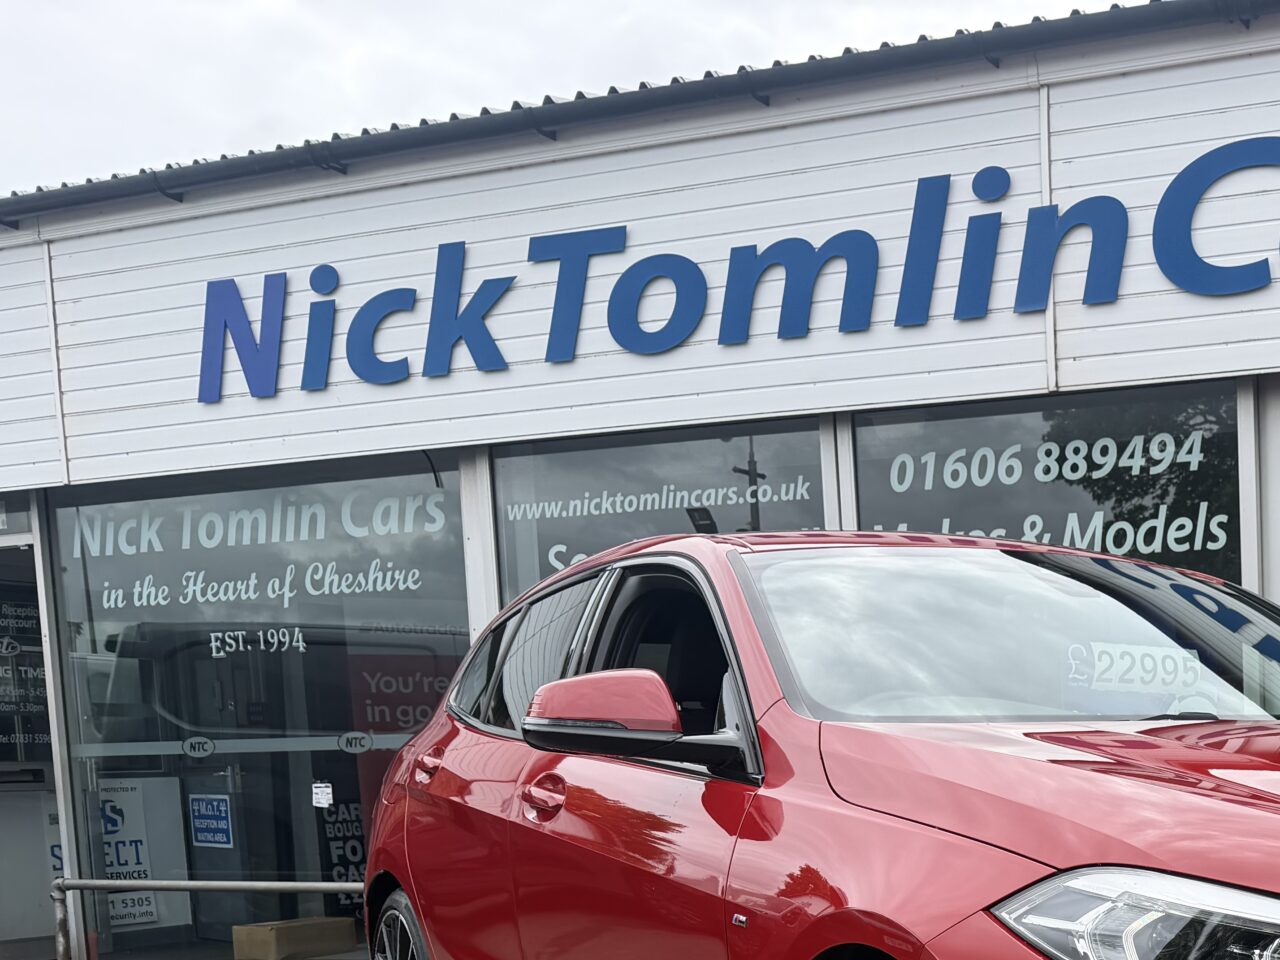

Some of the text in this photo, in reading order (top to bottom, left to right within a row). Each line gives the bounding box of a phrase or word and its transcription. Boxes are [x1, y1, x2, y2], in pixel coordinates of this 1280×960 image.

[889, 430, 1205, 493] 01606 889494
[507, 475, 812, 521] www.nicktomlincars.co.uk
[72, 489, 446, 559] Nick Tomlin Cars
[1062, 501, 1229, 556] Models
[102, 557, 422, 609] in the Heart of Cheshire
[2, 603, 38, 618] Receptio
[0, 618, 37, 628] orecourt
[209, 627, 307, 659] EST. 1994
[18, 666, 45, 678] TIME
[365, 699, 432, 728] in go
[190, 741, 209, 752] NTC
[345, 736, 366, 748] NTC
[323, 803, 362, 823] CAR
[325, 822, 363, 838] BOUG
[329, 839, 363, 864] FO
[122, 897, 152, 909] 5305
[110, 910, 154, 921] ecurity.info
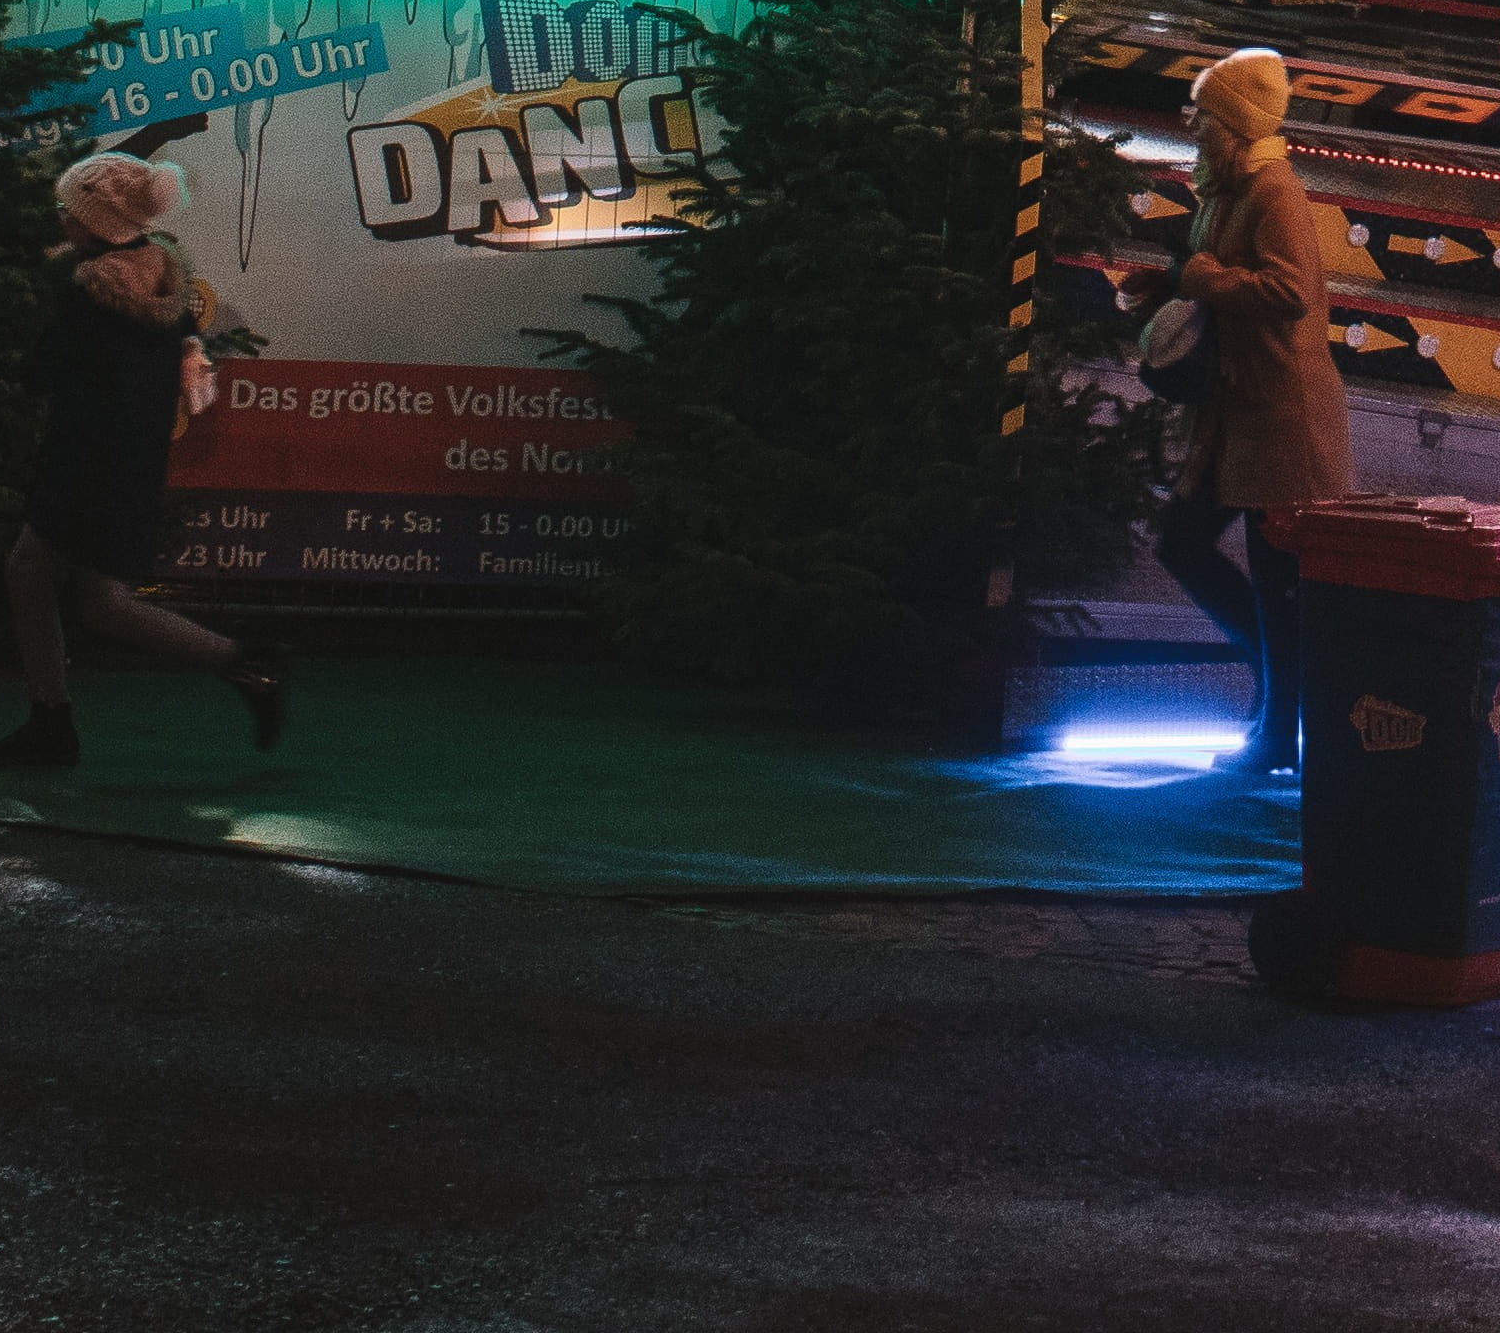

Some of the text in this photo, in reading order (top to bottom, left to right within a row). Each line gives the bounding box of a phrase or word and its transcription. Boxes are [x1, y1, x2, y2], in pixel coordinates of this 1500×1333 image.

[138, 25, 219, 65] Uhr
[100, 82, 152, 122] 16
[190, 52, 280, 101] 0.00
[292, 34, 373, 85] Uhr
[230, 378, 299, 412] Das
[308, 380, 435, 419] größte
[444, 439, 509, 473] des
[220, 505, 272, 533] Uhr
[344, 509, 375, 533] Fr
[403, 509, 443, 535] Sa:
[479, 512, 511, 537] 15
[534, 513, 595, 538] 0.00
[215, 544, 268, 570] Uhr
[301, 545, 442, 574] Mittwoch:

• • •

• [What is expected]:
Hand over the entries again, exactly as written and without the pictures.

• [Solution to the problem]:
Some of the text in this photo, in reading order (top to bottom, left to right within a row). Each line gives the bounding box of a phrase or word and its transcription. Boxes are [x1, y1, x2, y2], in pixel coordinates of this 1280×960 image.

[889, 430, 1205, 493] 01606 889494
[507, 475, 812, 521] www.nicktomlincars.co.uk
[72, 489, 446, 559] Nick Tomlin Cars
[1062, 501, 1229, 556] Models
[102, 557, 422, 609] in the Heart of Cheshire
[2, 603, 38, 618] Receptio
[0, 618, 37, 628] orecourt
[209, 627, 307, 659] EST. 1994
[18, 666, 45, 678] TIME
[365, 699, 432, 728] in go
[190, 741, 209, 752] NTC
[345, 736, 366, 748] NTC
[323, 803, 362, 823] CAR
[325, 822, 363, 838] BOUG
[329, 839, 363, 864] FO
[122, 897, 152, 909] 5305
[110, 910, 154, 921] ecurity.info

Some of the text in this photo, in reading order (top to bottom, left to right within a row). Each line gives the bounding box of a phrase or word and its transcription. Boxes are [x1, y1, x2, y2], in pixel coordinates of this 1500×1333 image.

[138, 25, 219, 65] Uhr
[100, 82, 152, 122] 16
[190, 52, 280, 101] 0.00
[292, 34, 373, 85] Uhr
[230, 378, 299, 412] Das
[308, 380, 435, 419] größte
[444, 439, 509, 473] des
[220, 505, 272, 533] Uhr
[344, 509, 375, 533] Fr
[403, 509, 443, 535] Sa:
[479, 512, 511, 537] 15
[534, 513, 595, 538] 0.00
[215, 544, 268, 570] Uhr
[301, 545, 442, 574] Mittwoch:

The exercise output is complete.